¿Esperpento?

La ministra de Sanidad muestra una reiterada obsesión con Andalucía, ese testigo incómodo para la derecha gobernante que demuestra que otra política es posible y que es posible superar esta prolongada crisis sin arrasar con el estado del bienestar. Ana Mato, brazo ejecutor del Gobierno de Rajoy en los recortes en sanidad y políticas sociales, ya dijo hace unos años que los niños andaluces recibían clases en el suelo. Ahora, ha vuelto a tirar del manual de consignas para calificar de “esperpento” la atención de la dependencia en esta comunidad autónoma.

Lo verdaderamente esperpéntico es el desmantelamiento solapado que desde el Gobierno Central se está haciendo de la Ley de la Dependencia, derogándola por la vía de los hechos. Desde que llegó el PP al Gobierno Central, se han ido sucediendo recortes en la financiación del sistema de la dependencia, alcanzando los 214 millones menos para Andalucía en los últimos dos años. Las dificultades económicas que hay actualmente en Andalucía en materia de dependencia son las propias de los recortes que se están realizando sobre la Ley.

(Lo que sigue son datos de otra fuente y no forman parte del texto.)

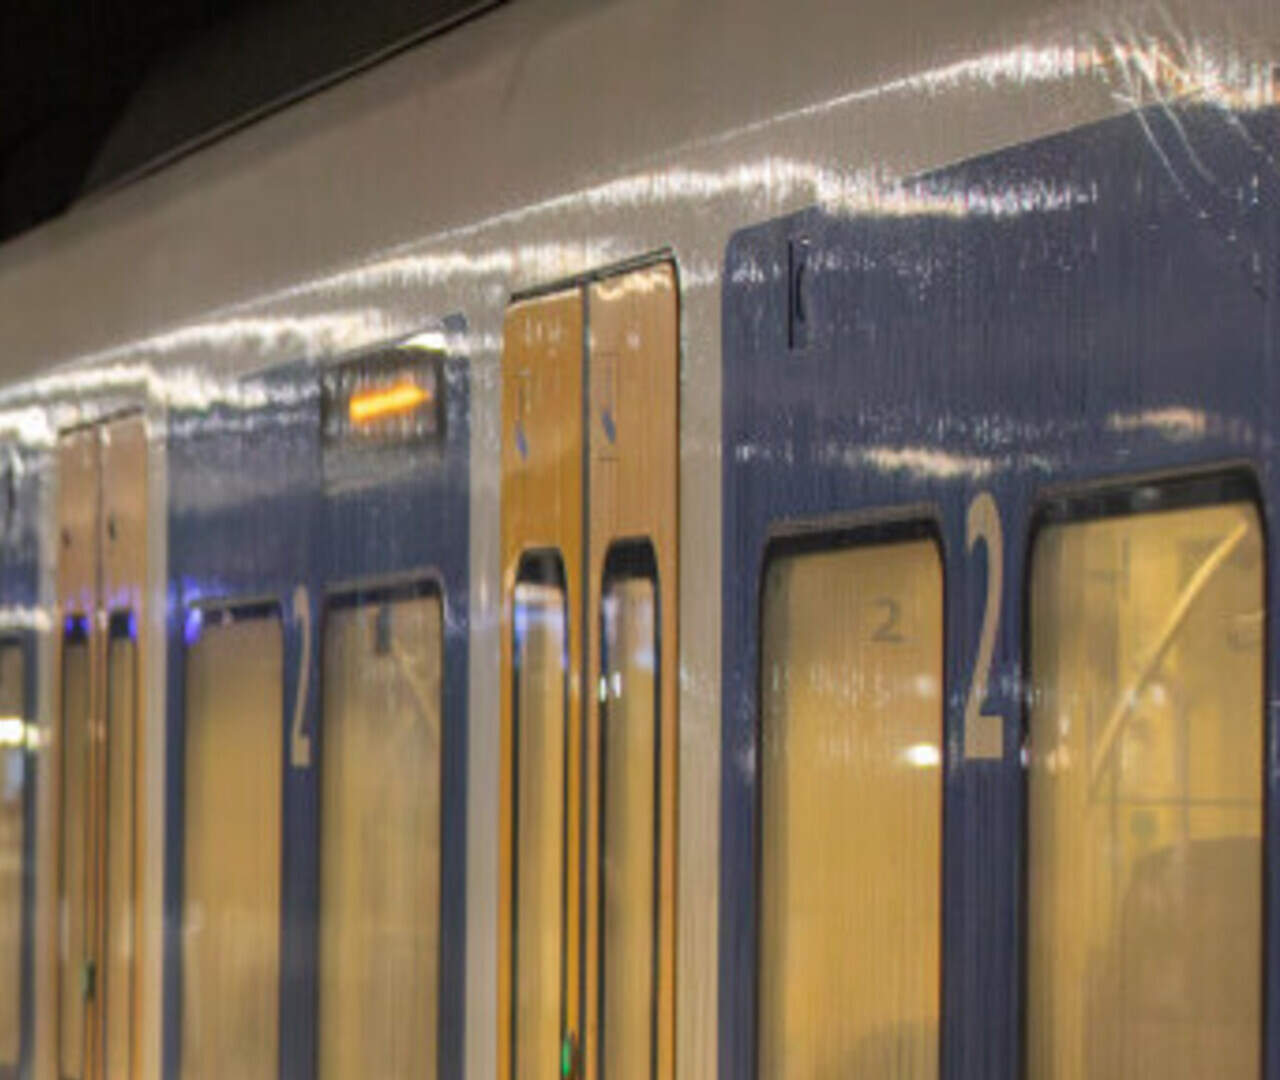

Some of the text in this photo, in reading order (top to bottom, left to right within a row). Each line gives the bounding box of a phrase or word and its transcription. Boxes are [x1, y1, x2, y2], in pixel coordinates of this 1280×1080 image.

[292, 585, 310, 767] 2
[870, 599, 902, 642] 2
[965, 492, 1003, 758] 2

Desde Andalucía se está haciendo un esfuerzo ímprobo para suplir esta falta de recursos económicos y los problemas de liquidez que se están presentando en la comunidad por los recortes realizados desde el Gobierno de la nación. Aunque la ley recoge que la financiación de la dependencia ha de ser al 50% entre ambas administraciones, la realidad es que la Junta sufraga tres de cada cuatro euros. Aquí hay problemas que no tienen otras CCAA porque, directamente, han ido destruyendo servicios, mientras que en Andalucía asumimos nuestros compromisos y seguimos manteniendo las prestaciones. El 24% de las personas con derecho a esta prestación en España están en Andalucía, comunidad que casi duplica el porcentaje de población beneficiaria de Madrid y casi triplica el de la Comunidad Valenciana.